Every line below must be copied as written, except for pictures.

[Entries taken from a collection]
################

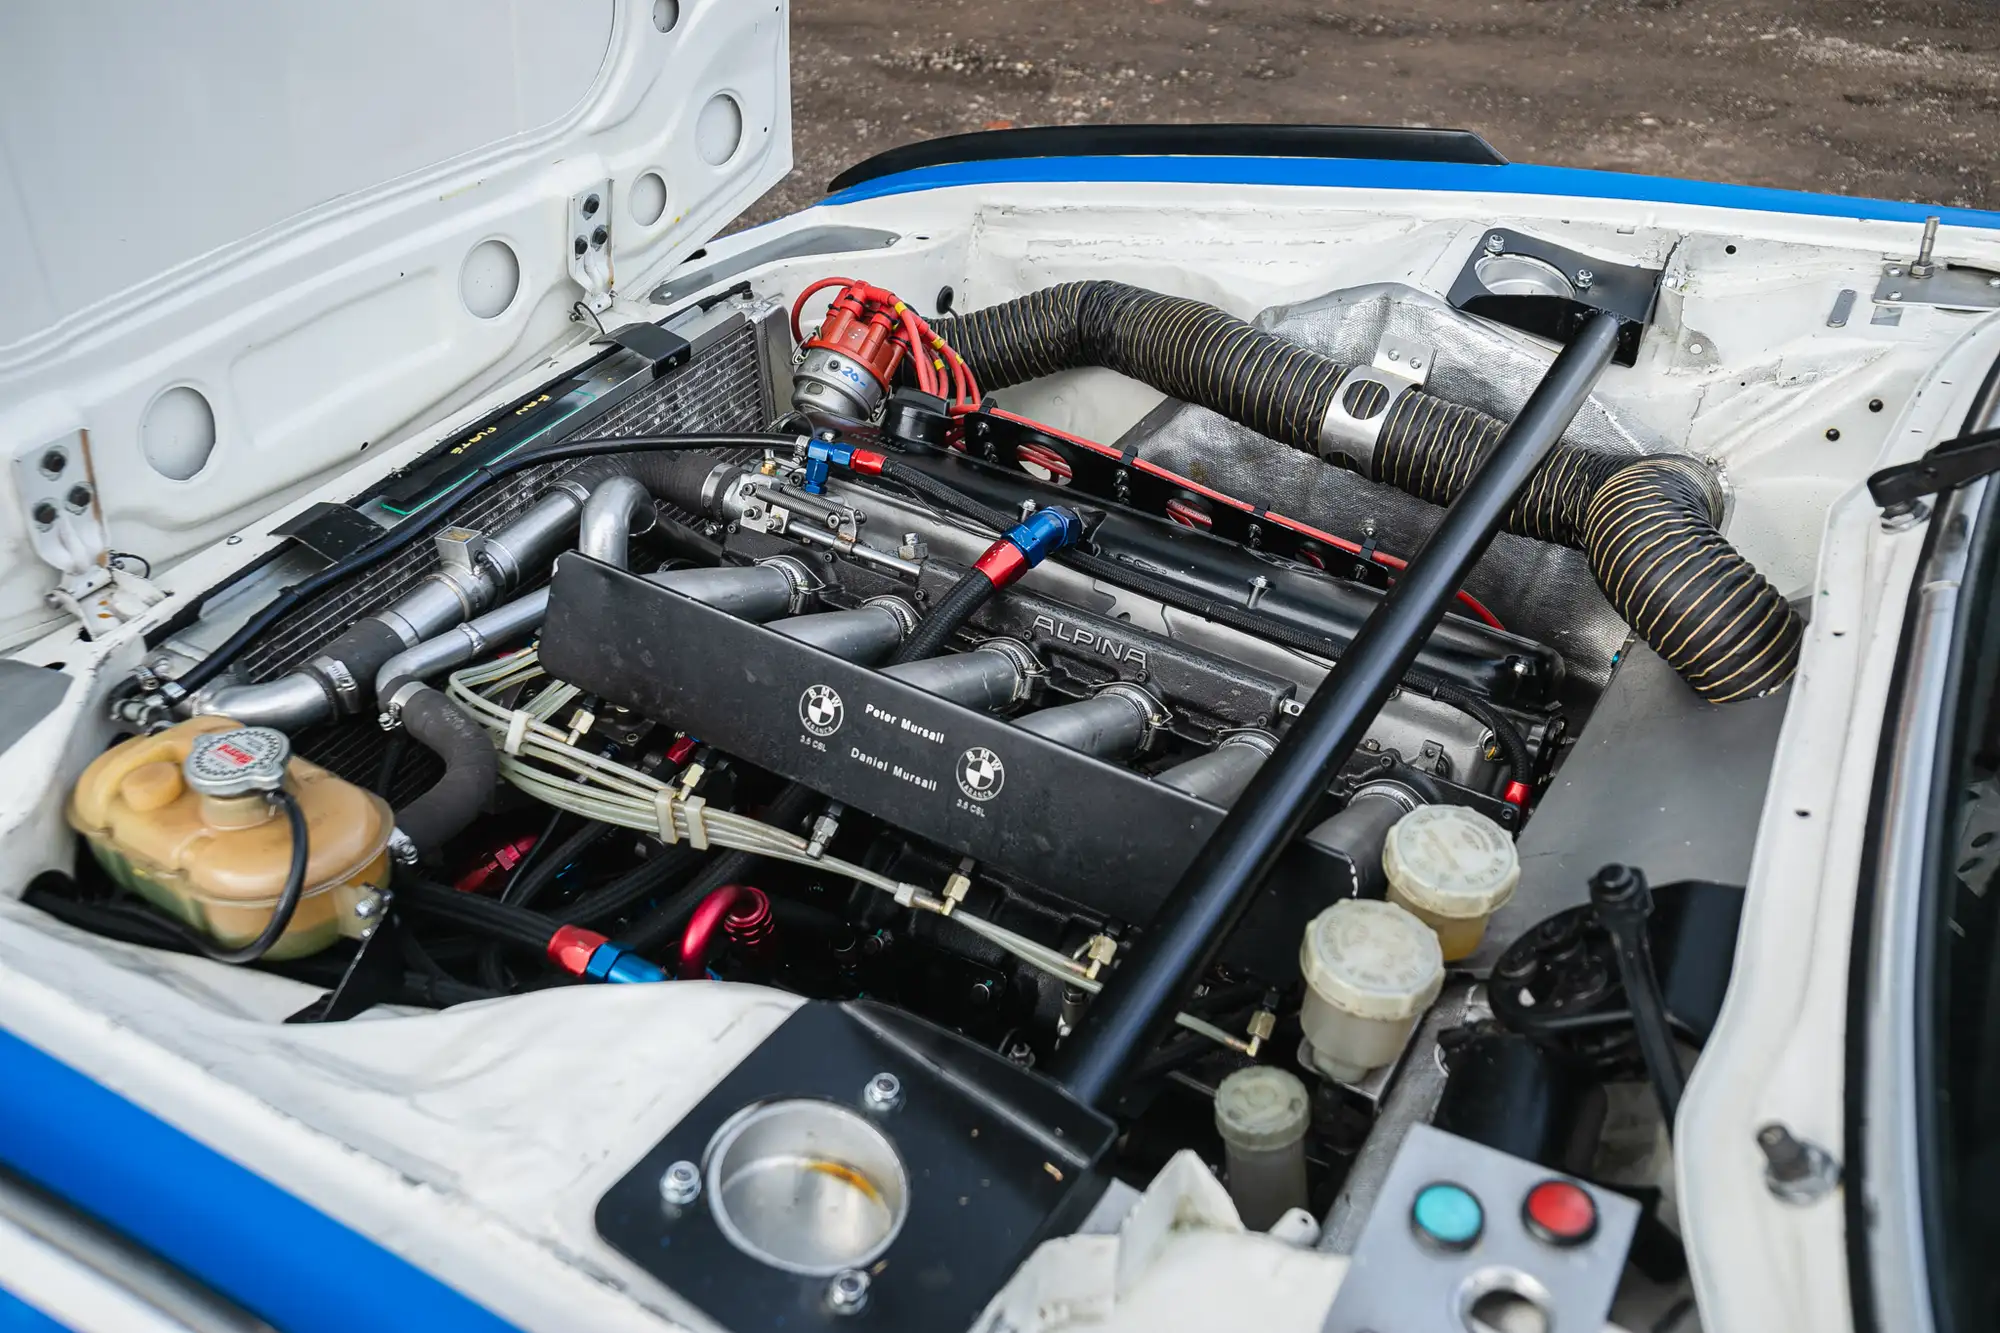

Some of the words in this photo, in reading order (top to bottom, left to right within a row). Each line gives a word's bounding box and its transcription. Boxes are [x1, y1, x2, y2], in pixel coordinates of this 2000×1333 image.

[1032, 615, 1147, 669] ALPINA
[865, 703, 897, 724] Peter
[901, 718, 945, 744] Mursall
[812, 739, 827, 752] CSL
[851, 747, 888, 772] Daniel
[893, 765, 938, 792] Mursall
[969, 804, 986, 818] CSL

################

Response area:
Some of the words in this photo, in reading order (top to bottom, left to right within a row). Each line gives a word's bounding box and its transcription. Boxes are [x1, y1, x2, y2], in pixel coordinates of this 2000×1333 image.

[1032, 615, 1147, 669] ALPINA
[865, 703, 897, 724] Peter
[901, 718, 945, 744] Mursall
[812, 739, 827, 752] CSL
[851, 747, 888, 772] Daniel
[893, 765, 938, 792] Mursall
[969, 804, 986, 818] CSL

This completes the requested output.